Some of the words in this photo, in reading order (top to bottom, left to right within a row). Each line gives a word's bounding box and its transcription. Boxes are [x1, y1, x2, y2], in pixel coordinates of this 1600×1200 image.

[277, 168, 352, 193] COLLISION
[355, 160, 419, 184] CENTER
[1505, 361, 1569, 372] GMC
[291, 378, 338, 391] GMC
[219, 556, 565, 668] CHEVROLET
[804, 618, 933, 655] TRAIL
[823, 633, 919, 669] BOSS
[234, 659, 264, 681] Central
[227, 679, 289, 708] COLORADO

* * *

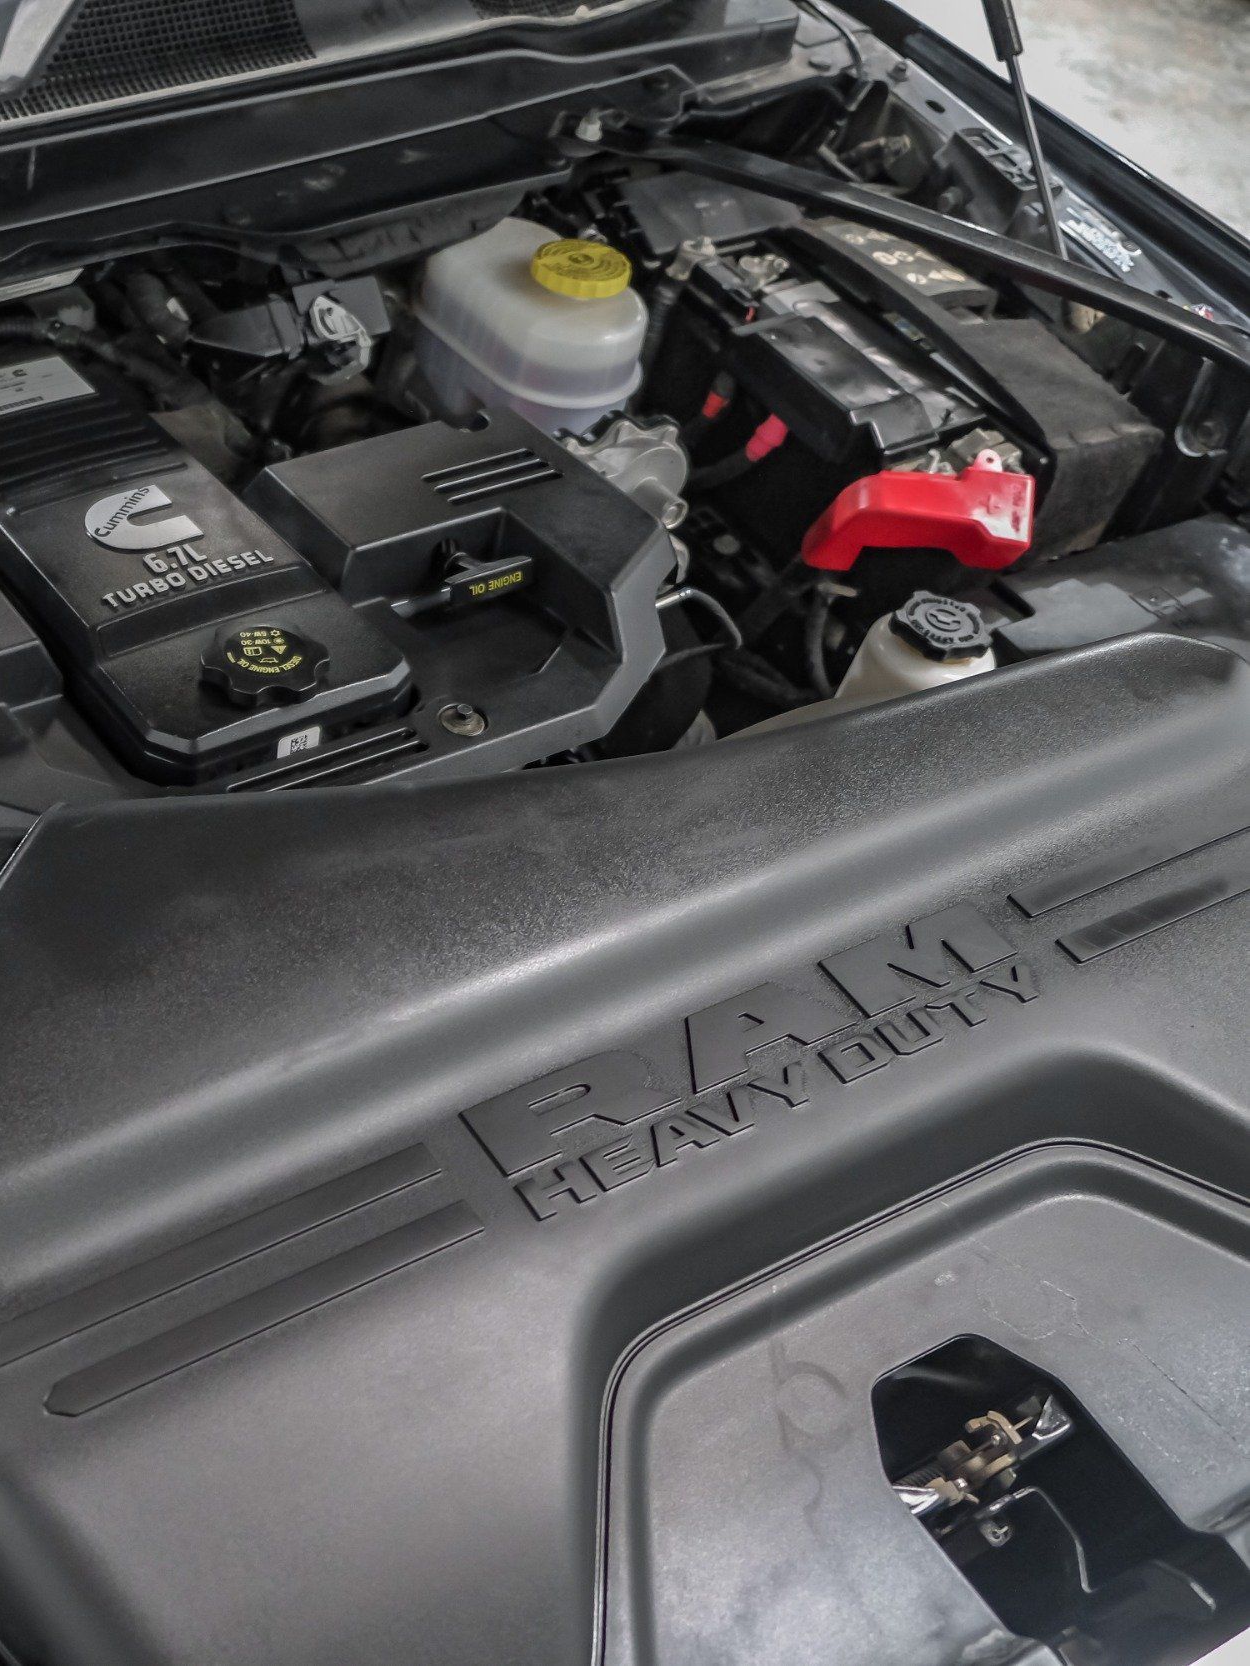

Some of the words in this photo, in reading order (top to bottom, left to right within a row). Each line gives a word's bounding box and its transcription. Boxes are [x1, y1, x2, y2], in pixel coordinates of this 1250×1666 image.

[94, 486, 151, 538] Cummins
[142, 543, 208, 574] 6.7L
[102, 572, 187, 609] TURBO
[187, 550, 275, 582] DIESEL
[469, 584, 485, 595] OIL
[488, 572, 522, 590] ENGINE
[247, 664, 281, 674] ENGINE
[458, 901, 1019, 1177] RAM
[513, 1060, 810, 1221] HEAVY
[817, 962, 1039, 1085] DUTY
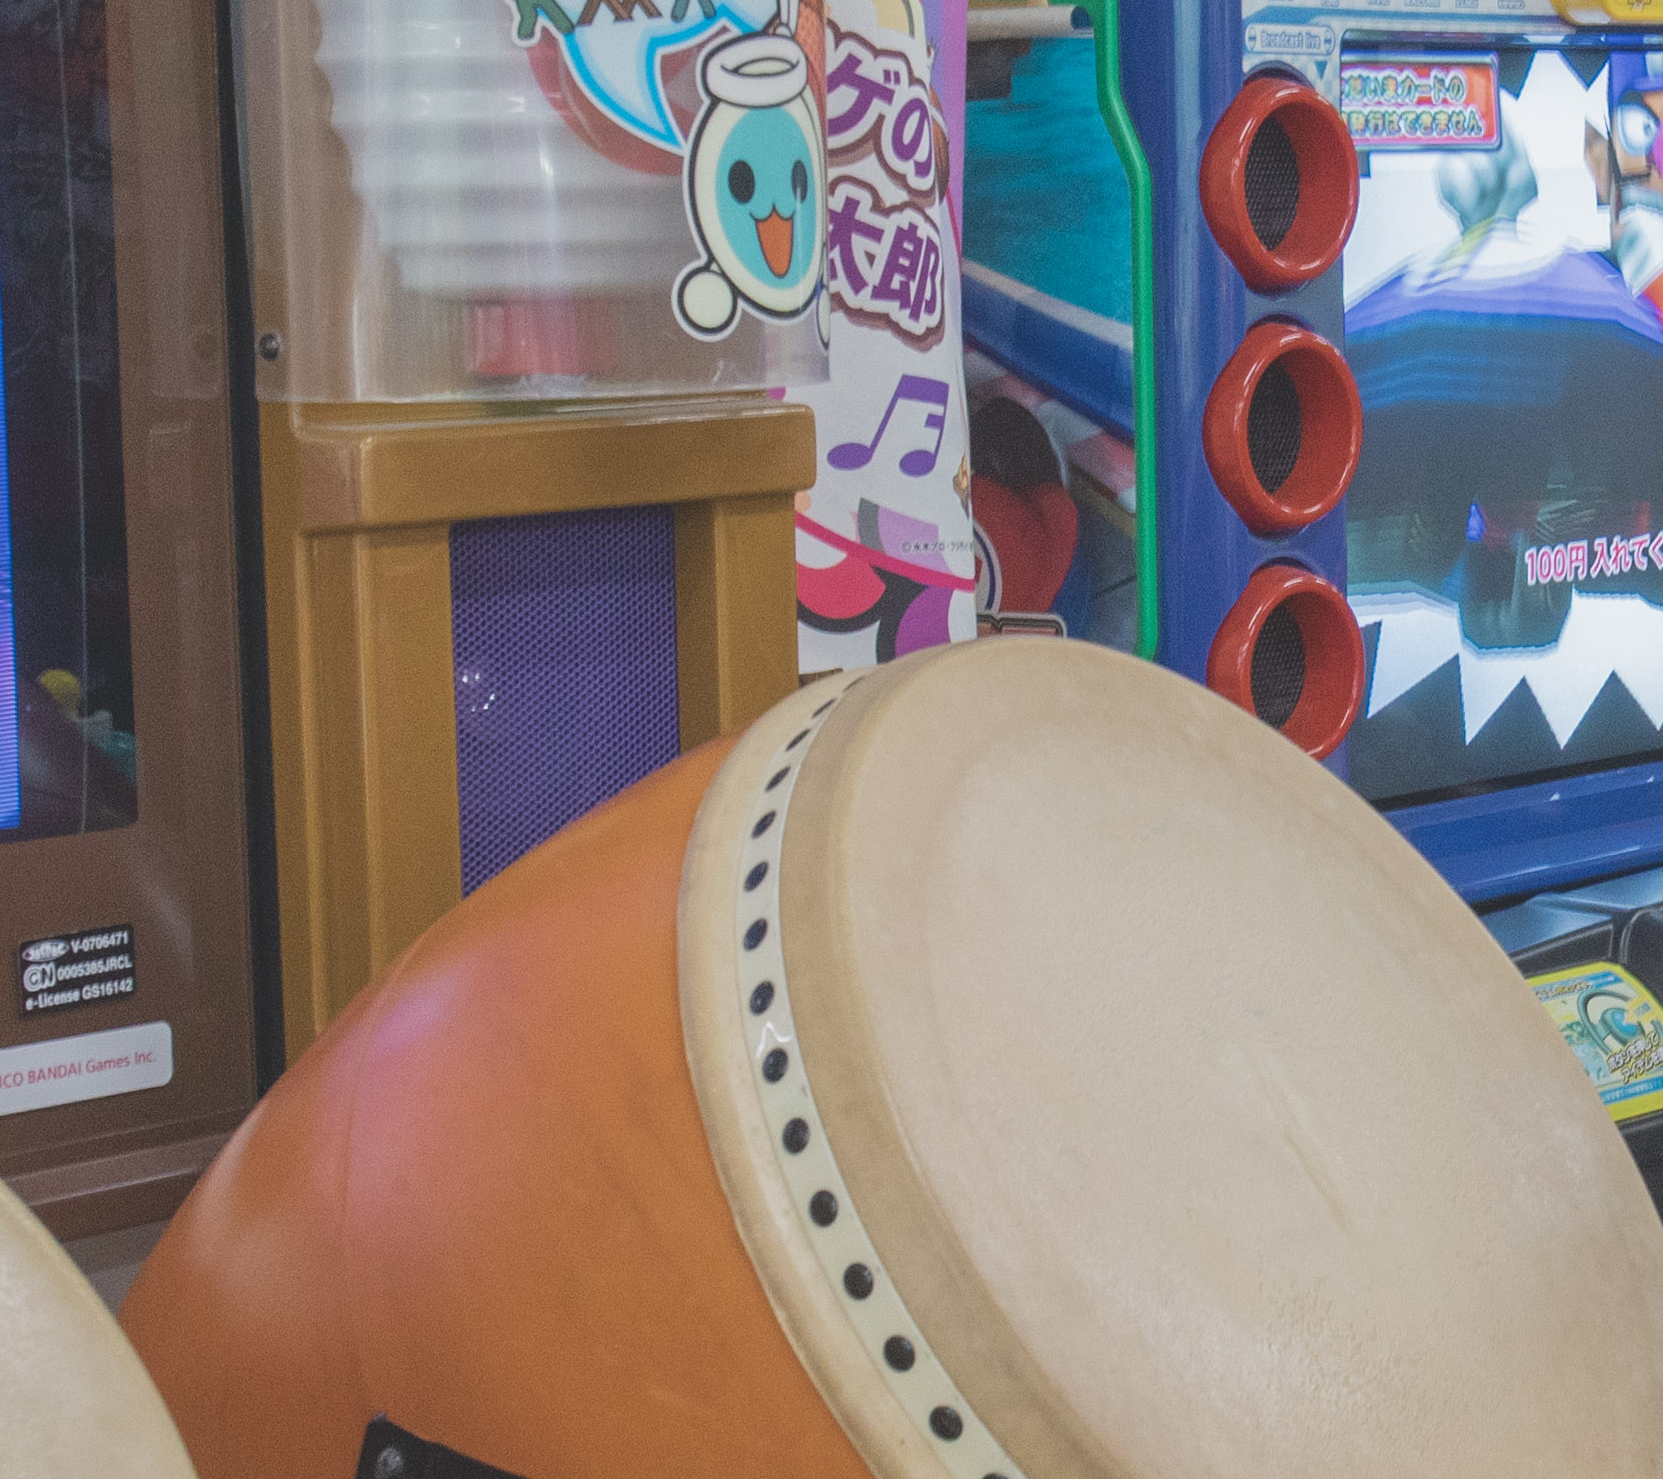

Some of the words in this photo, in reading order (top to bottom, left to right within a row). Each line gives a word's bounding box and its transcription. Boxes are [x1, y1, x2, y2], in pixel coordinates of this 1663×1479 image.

[REQUIRED WORK]
The reply should hold exactly the lines above, starting at the line with "this 1250×1666 image." and ending at the line with "this 1663×1479 image.", and no pictures.

[RESPONSE]
Some of the words in this photo, in reading order (top to bottom, left to right within a row). Each line gives a word's bounding box and its transcription. Boxes are [x1, y1, x2, y2], in pixel coordinates of this 1250×1666 image.

[94, 486, 151, 538] Cummins
[142, 543, 208, 574] 6.7L
[102, 572, 187, 609] TURBO
[187, 550, 275, 582] DIESEL
[469, 584, 485, 595] OIL
[488, 572, 522, 590] ENGINE
[247, 664, 281, 674] ENGINE
[458, 901, 1019, 1177] RAM
[513, 1060, 810, 1221] HEAVY
[817, 962, 1039, 1085] DUTY

Some of the words in this photo, in reading order (top to bottom, left to right within a row). Each line gives a word's bounding box and its transcription. Boxes are [x1, y1, x2, y2], in pixel coordinates of this 1663×1479 image.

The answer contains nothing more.